Hi Dave,


I have done a thing similar to this using a combination of MS Word and MS 
Excel. It's a little wonky, but it saves needing to figure out any heavy coding 
or new software. The way I did this is sentence by sentence, rather than line 
by line, but you could probably figure out a way to make this actually line by 
line if you needed to.



Here are the steps I used:

  1.  Copy and paste manuscript 1 into a new document in MS Word. I used "Keep 
Text Only" as the paste setting, since I didn't need to compare formatting.
  2.  In MS Word, I used Find and Replace to double each paragraph break, then 
turn each sentence into a separate paragraph. To double the paragraph breaks:

Find: ^p

Replace: ^p^p

Replace all

(I did this part so that I would be able to see where new paragraph actually 
start in the Excel comparison)

To turn each sentence into a separate paragraph:

Find: . (including the space after the period)

Replace: . ^p

Replace all

If your manuscript has any tabs in it, you will also want to get rid of them at 
this point, since they will mess up the Excel steps. To do this:

Find: ^t

Replace: (leave completely blank)

Replace all

If your manuscript has any tables in it, you will also want to remove them from 
this version, since they will mess up the Excel steps.

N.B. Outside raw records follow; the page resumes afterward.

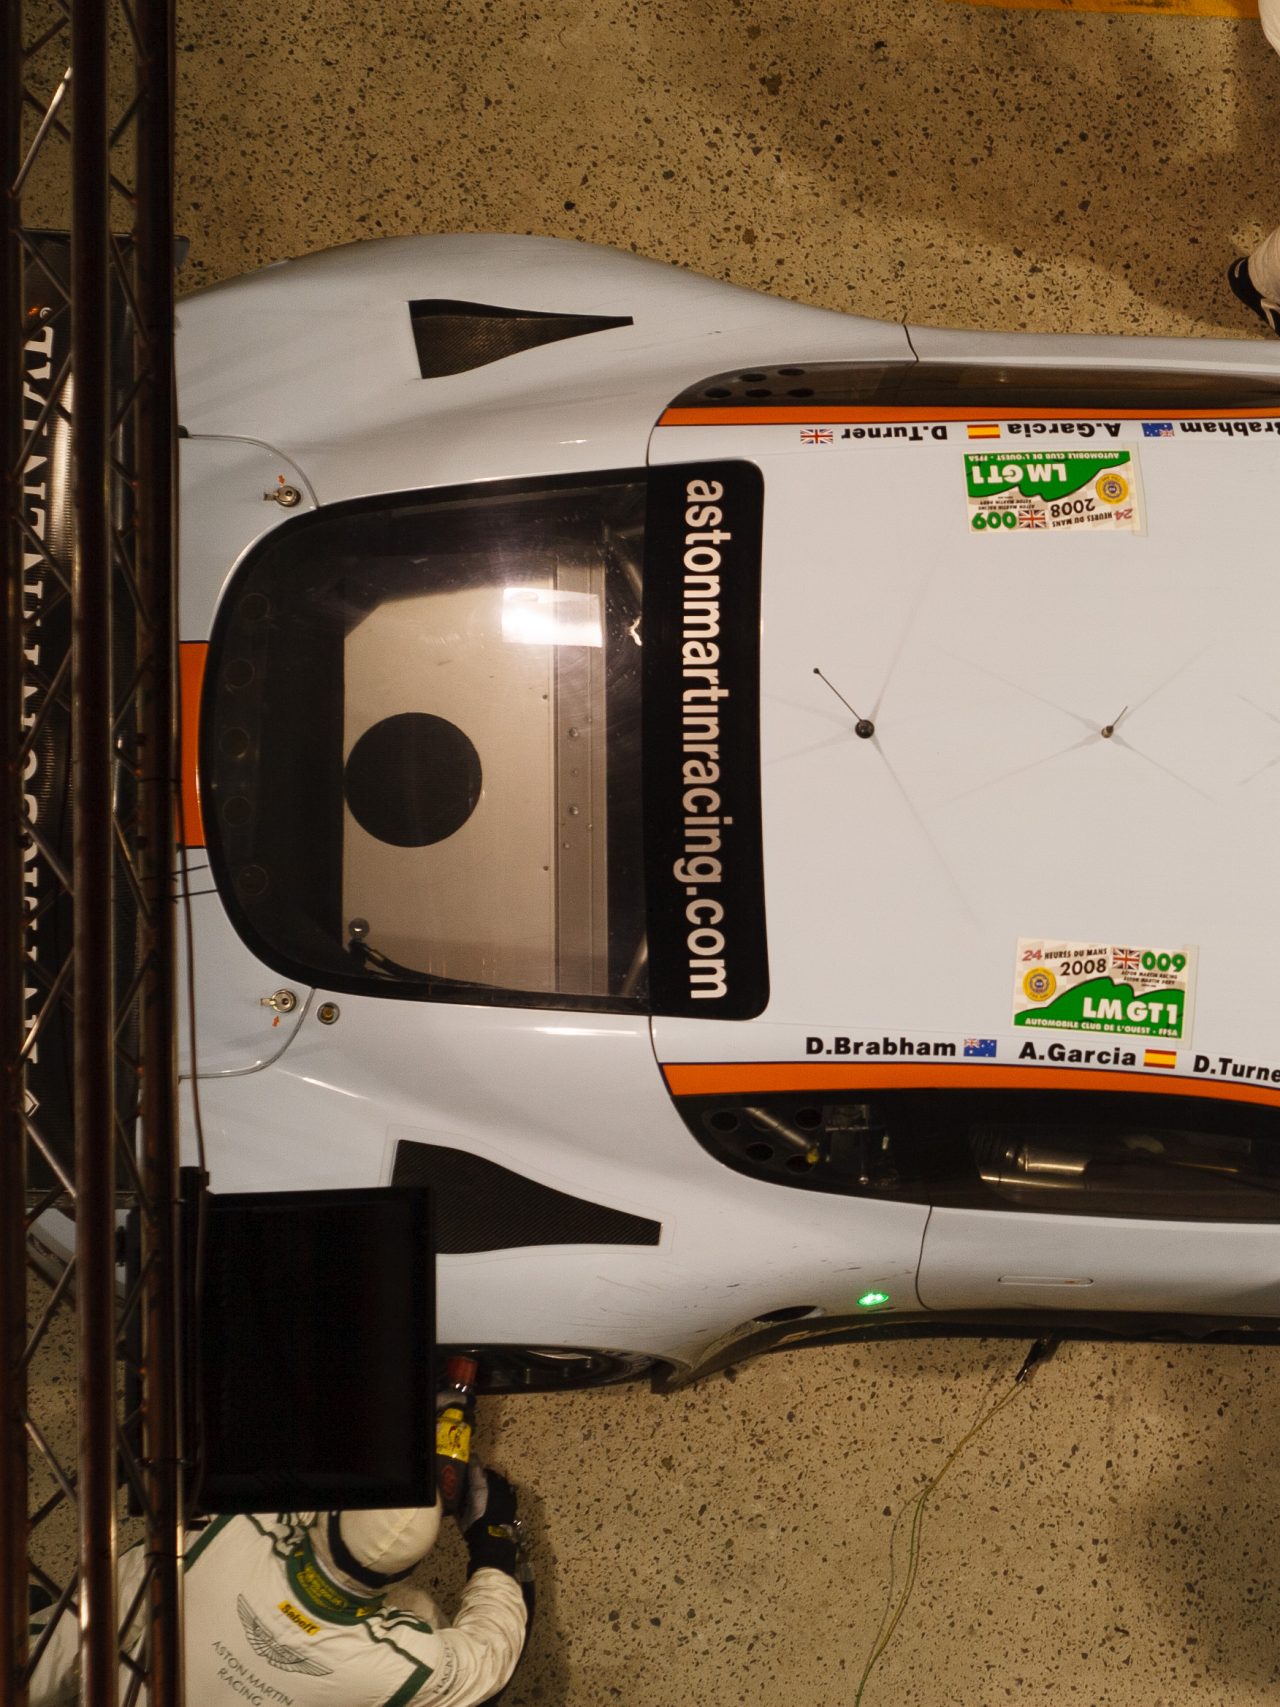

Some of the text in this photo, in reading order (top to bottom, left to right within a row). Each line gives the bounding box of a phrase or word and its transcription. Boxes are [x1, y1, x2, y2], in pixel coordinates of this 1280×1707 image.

[841, 425, 948, 443] D.Turner
[1006, 422, 1121, 439] A.Garcia
[1045, 452, 1065, 460] CLUB
[1050, 498, 1096, 518] 2008
[1051, 508, 1134, 528] 24 HEURES DU MANS
[971, 511, 1017, 530] 009
[672, 479, 733, 1000] astonmartinracing.com
[1022, 948, 1107, 961] 24 HEURES DU MANS
[1141, 951, 1186, 973] 009
[1060, 958, 1107, 977] 2008
[1025, 1018, 1079, 1029] AUTOMOBILE
[1081, 1021, 1101, 1031] CLUB
[1104, 1022, 1114, 1032] DE
[1117, 1024, 1151, 1034] L'OUEST
[805, 1036, 957, 1058] D.Brabham
[1018, 1040, 1137, 1067] A.Garcia
[282, 1603, 316, 1635] Sabelt
[212, 1640, 294, 1707] ASTON MARTIN
[217, 1667, 263, 1707] RACING

  1.  Copy and paste the reformatted manuscript 1 into a new Excel spreadsheet 
in column A. Each new sentence will be its own separate cell in a single 
column. There will be a blank cell between each paragraph.
  2.  Repeat steps 1 and 2 with manuscript 2. Then copy and paste manuscript 2 
into the same Excel spreadsheet in column B, next to manuscript 1.
  3.  In column C, you are going to create a formula that tells you if the text 
in columns A and B are an exact match. To do this, select row 1 column C, then 
enter:

=IF(EXACT(A2, B2), "Same", "Different")

After entering this formula in row 1, click the bottom right corner of this 
cell and drag to the bottom of the two manuscript columns to make all rows 
compare the two texts. You can now see how manuscript 1 and manuscript 2 
compare sentence-by-sentence in column C.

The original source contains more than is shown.